What should my caption be? But first, let me take a stats read

June 20, 2022, 11:00 a.m. (EDT)
Alt=""

June 21 is National Selfie Day, the perfect time to take a self-portrait and freshen up your social media profile.

While we at Statistics Canada don’t have the data on all the selfies and filters (or the number of likes in the last five minutes), we certainly have the key numbers on photography in Canada.

There were 282 camera and photographic supply stores nationwide as of December 2021. Many of them are small businesses: 173 of them reported having staff, and close to half of those (79) had 1 to 4 employees, while another 59 had 5 to 9 employees.

(Believe it or not, as of December 2021, there were 37 one-hour photo finishing places in Canada!)

There were over 8,300 businesses in the photographic services industry in Canada as of December 2021. They provided services for special events (such as weddings), passport photos and aerial photography. The industry also includes videography services. Of the 1,259 businesses that reported staff numbers, about 4 in 5 (83%) had 1 to 4 employees.

The broader commercial and service industry machinery manufacturing industry group contributed nearly $1.7 billion to Canada’s gross domestic product (GDP) in March 2022. This industry group includes camera and lens manufacturing, and manufacturing of other photographic equipment.

Despite rising inflation, prices for photographic equipment and supplies actually fell 0.7% from April 2021 to April 2022.

And who provides all those camera-enabled mobile devices?
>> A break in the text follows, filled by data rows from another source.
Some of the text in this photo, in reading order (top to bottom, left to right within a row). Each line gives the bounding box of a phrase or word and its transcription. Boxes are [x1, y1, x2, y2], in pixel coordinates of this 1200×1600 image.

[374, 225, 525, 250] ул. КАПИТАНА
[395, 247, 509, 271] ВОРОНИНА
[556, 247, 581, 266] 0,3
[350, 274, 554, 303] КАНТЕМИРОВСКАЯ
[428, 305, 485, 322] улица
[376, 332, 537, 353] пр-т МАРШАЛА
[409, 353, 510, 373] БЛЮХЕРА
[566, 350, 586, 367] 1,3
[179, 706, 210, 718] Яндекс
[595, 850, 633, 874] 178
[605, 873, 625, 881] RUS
The broader telecommunications subsector, which includes wired, wireless and satellite telecommunications, as well as the operation of networks, contributed over $40 billion of GDP in March 2022—the ninth straight month of growth.
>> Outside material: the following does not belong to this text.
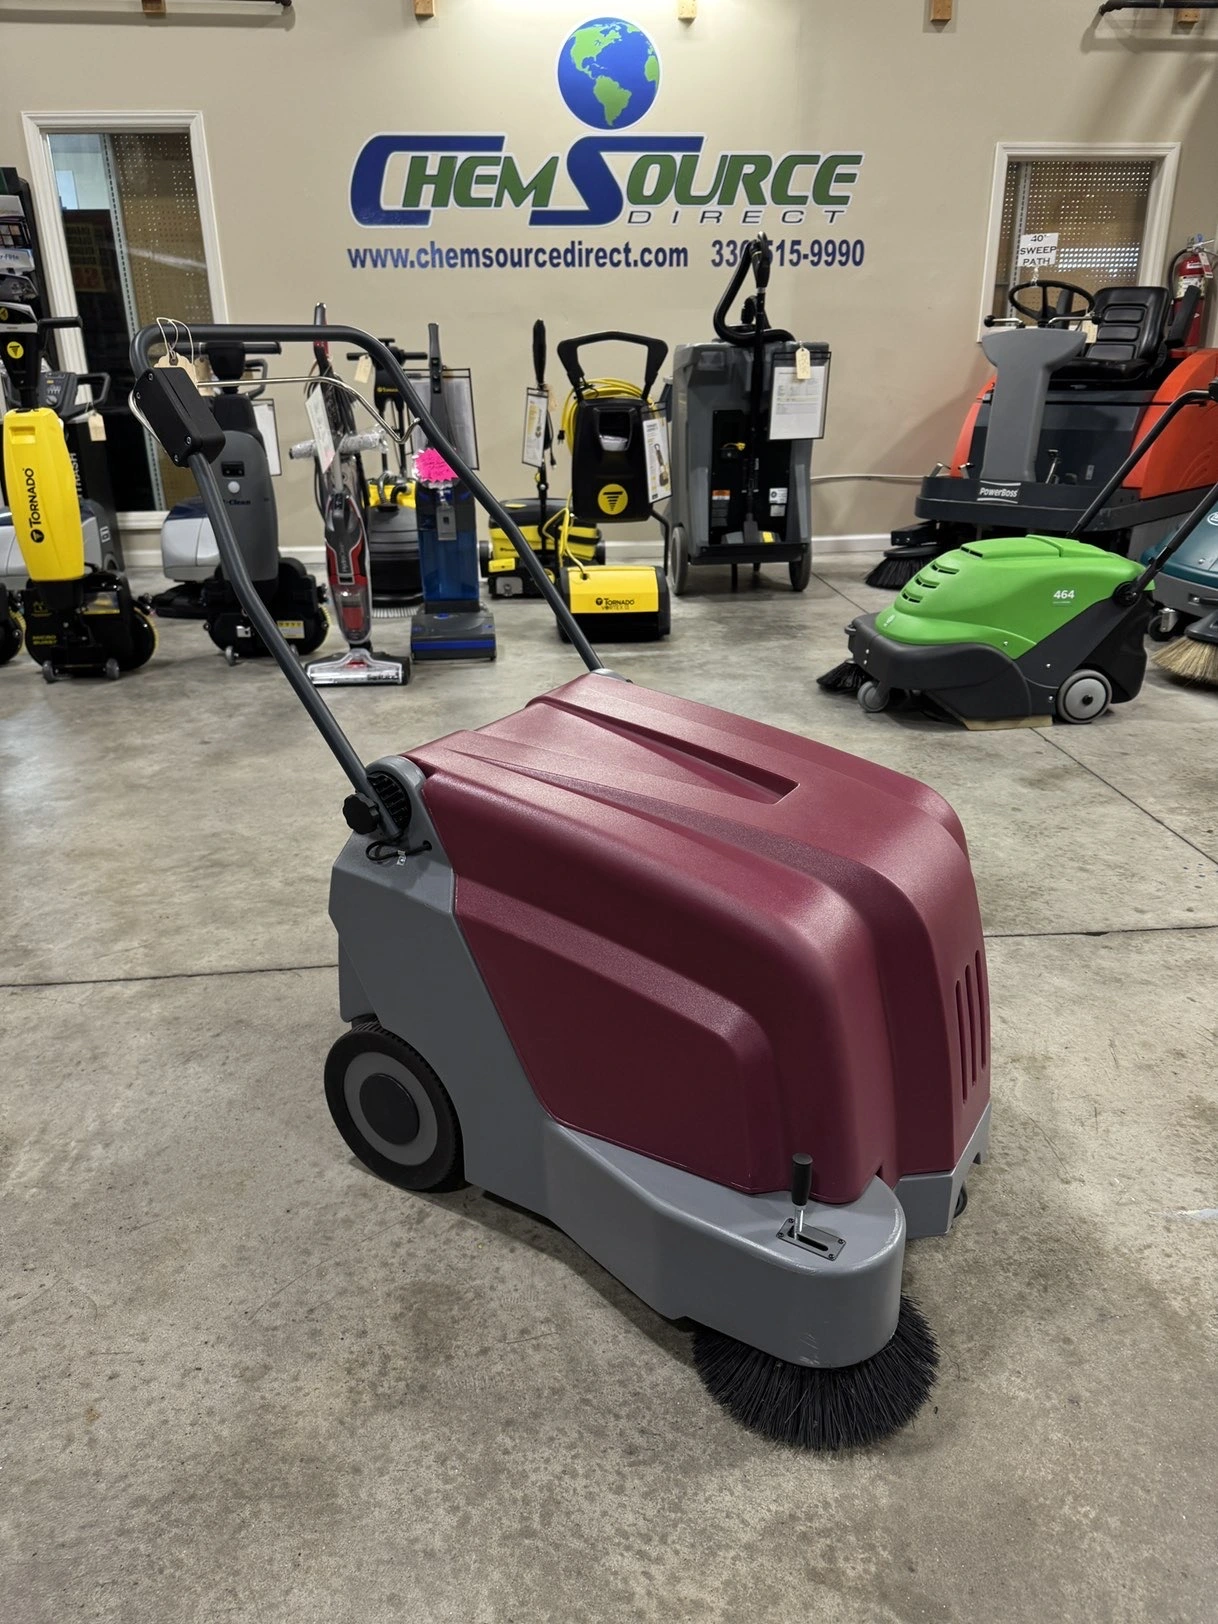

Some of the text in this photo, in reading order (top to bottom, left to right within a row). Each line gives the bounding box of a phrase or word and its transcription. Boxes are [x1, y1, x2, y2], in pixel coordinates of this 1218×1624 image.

Mobile phone users in Canada saw smaller bills in 2021. Prices for multipurpose digital devices (including smartphones) fell 10.4% on an annual average basis, and prices for cellular services fell 16.9% as providers offered more data to consumers.

Awesome! Cheaper data means posting more selfies. Canadians used an average of 2.9 gigabytes (GB) of data per month in 2019, up from 2.5 GB in 2018.

And we recently told you that in 2020, nearly 85% of Canadians aged 15 and older had a smartphone for personal use, an increase of 4.1 percentage points since 2018.

They say a picture is worth a thousand words—at Statistics Canada, it’s worth a lot of data too.

Contact information

For more information, contact the Statistical Information Service (toll-free 1-800-263-1136514-283-8300infostats@statcan.gc.ca) or Media Relations (statcan.mediahotline-ligneinfomedias.statcan@statcan.gc.ca).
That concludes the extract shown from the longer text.